0

I am trying to replace the blank (missing) zipcodes in the df table with the zipcodes in another table called zipless, based on names. What would be the best approach? A for loop is probably very slow.

I was trying with something like this, but it does not work.

df$zip_new <- ifelse(df, is.na(zip_new),
                     left_join(df,zipless, by = c("contbr_nm" = "contbr_nm")),
                     zip_new)

I was able to make it work using this approach, but I am sure it is not the best one. I first added a new column from the lookup table and in the next step selectively used it, where necessary.

library(dplyr)
#temporarly renaming the lookup column in the lookup table
zipless <- plyr::rename(zipless, c("zip_new"="zip_new_temp"))
#adding the lookup column to the main table
df <- left_join(df, zipless, by = c("contbr_nm" = "contbr_nm"))
#taking over the value from the lookup column zip_new_temp if the condition is met, else, do nothing.
df$zip_new  <- ifelse((df$zip_new == "") &
                              (df$contbr_nm %in% zipless$contbr_nm), 
                            df$zip_new_temp,
                            df$zip_new)

What would be a proper way to do this?

Thank you very much!

Trgovec
  • 555
  • 3
  • 7
  • 16
  • 1
    [Reproducible data](https://stackoverflow.com/questions/5963269/how-to-make-a-great-r-reproducible-example), please.
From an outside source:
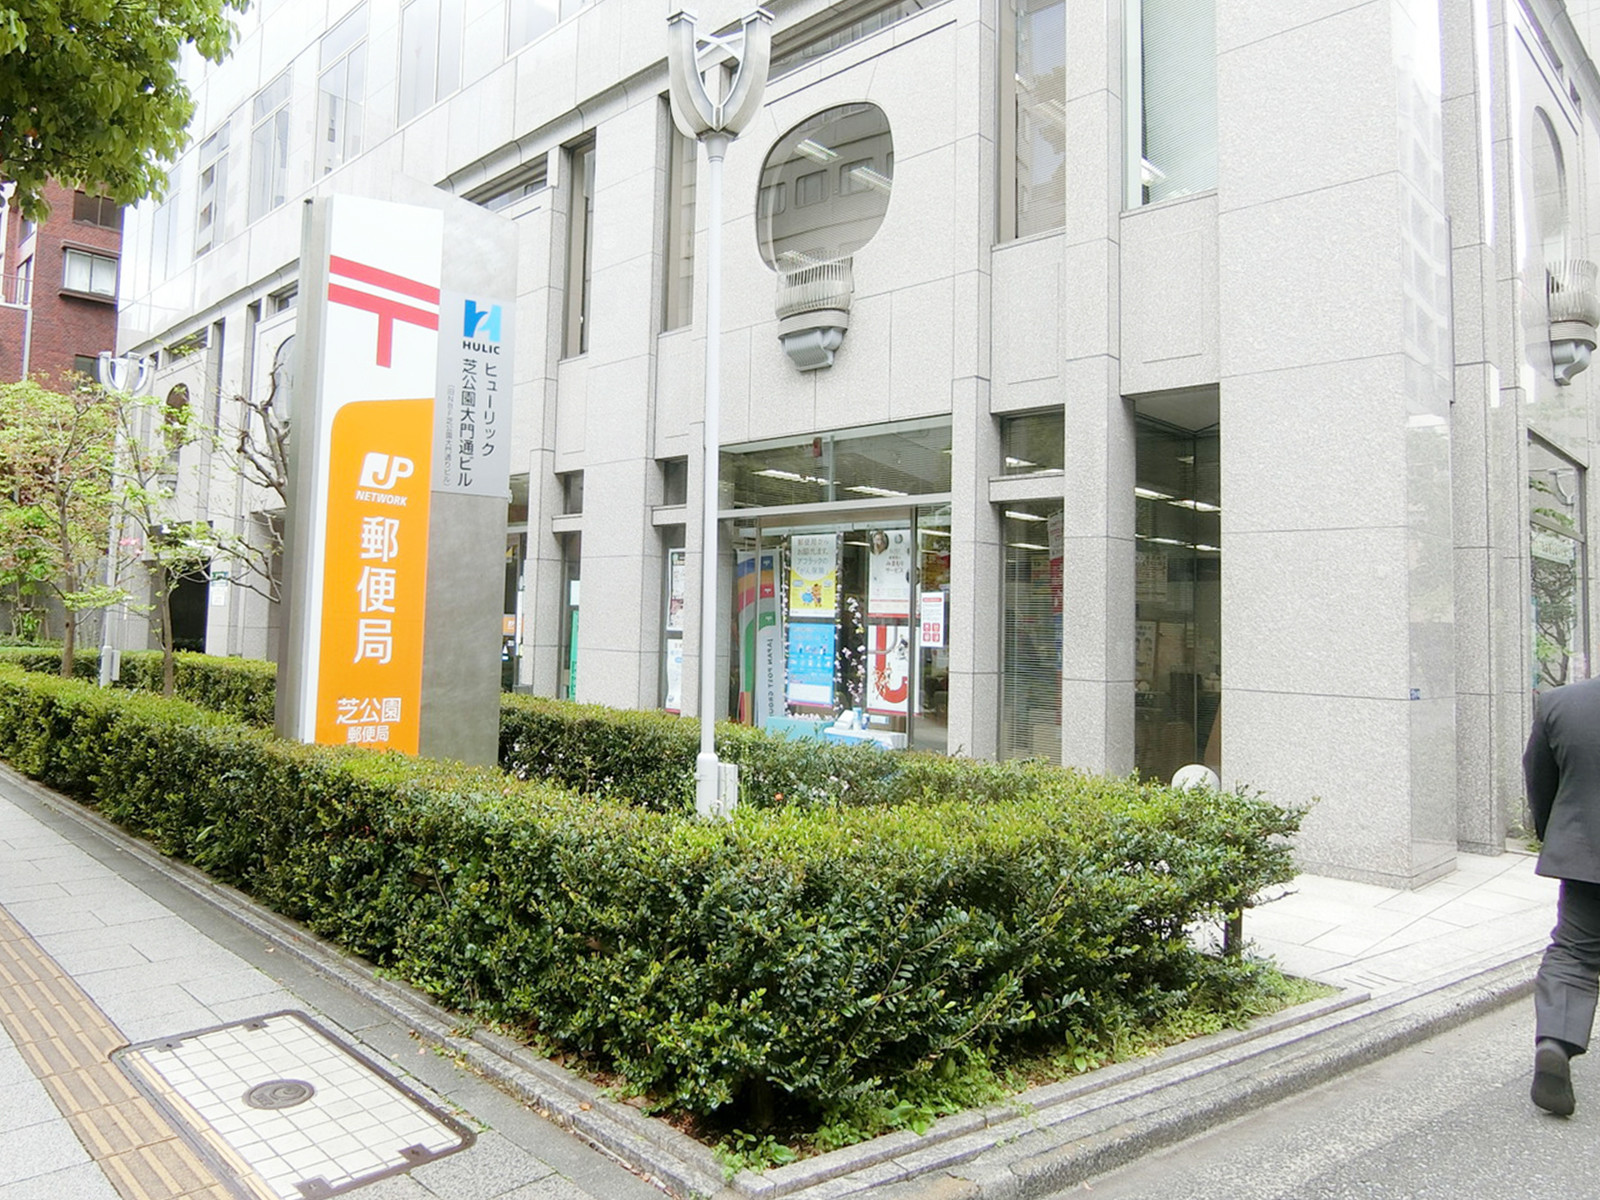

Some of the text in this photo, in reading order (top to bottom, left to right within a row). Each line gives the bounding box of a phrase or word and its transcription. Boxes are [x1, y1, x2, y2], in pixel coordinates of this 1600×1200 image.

Even a couple of toy data sets. You can use `dput` on some of yours or create some that illustrate the problem. Also include your desired output from these. As it stands, your question is too vague. Further, include the names of packages that you are using: `left_join` is not a base R function. – lmo Aug 13 '17 at 22:13
  • 1
    Use the coalesce() function, ie. df$zip_new <- coalesce(df$zip_new, df$zip_new_temp) – Josh Gilfillan Aug 13 '17 at 22:16
  • 1
    note that `coalesce` is in the `dplyr` package. – Ben Bolker Aug 13 '17 at 22:22

2 Answers2

3

I'd suggest using match to just grab the zips you need. Something like:

miss_zips = is.na(df$zip_new)
df$zip_new[miss_zips] = zipless$zip_new[match(
    df$contbr_nm[miss_zips], 
    zipless$contbr_nm
  )]

Without sample data I'm not wholly sure of your column names, but something like that should work.

Gregor Thomas
  • 136,190
  • 20
  • 167
  • 294
1

I can only recommend the data.table-package for things like these. But your general approach is correct. The data.table-package has a much nicer syntax and is designed to handle large data sets.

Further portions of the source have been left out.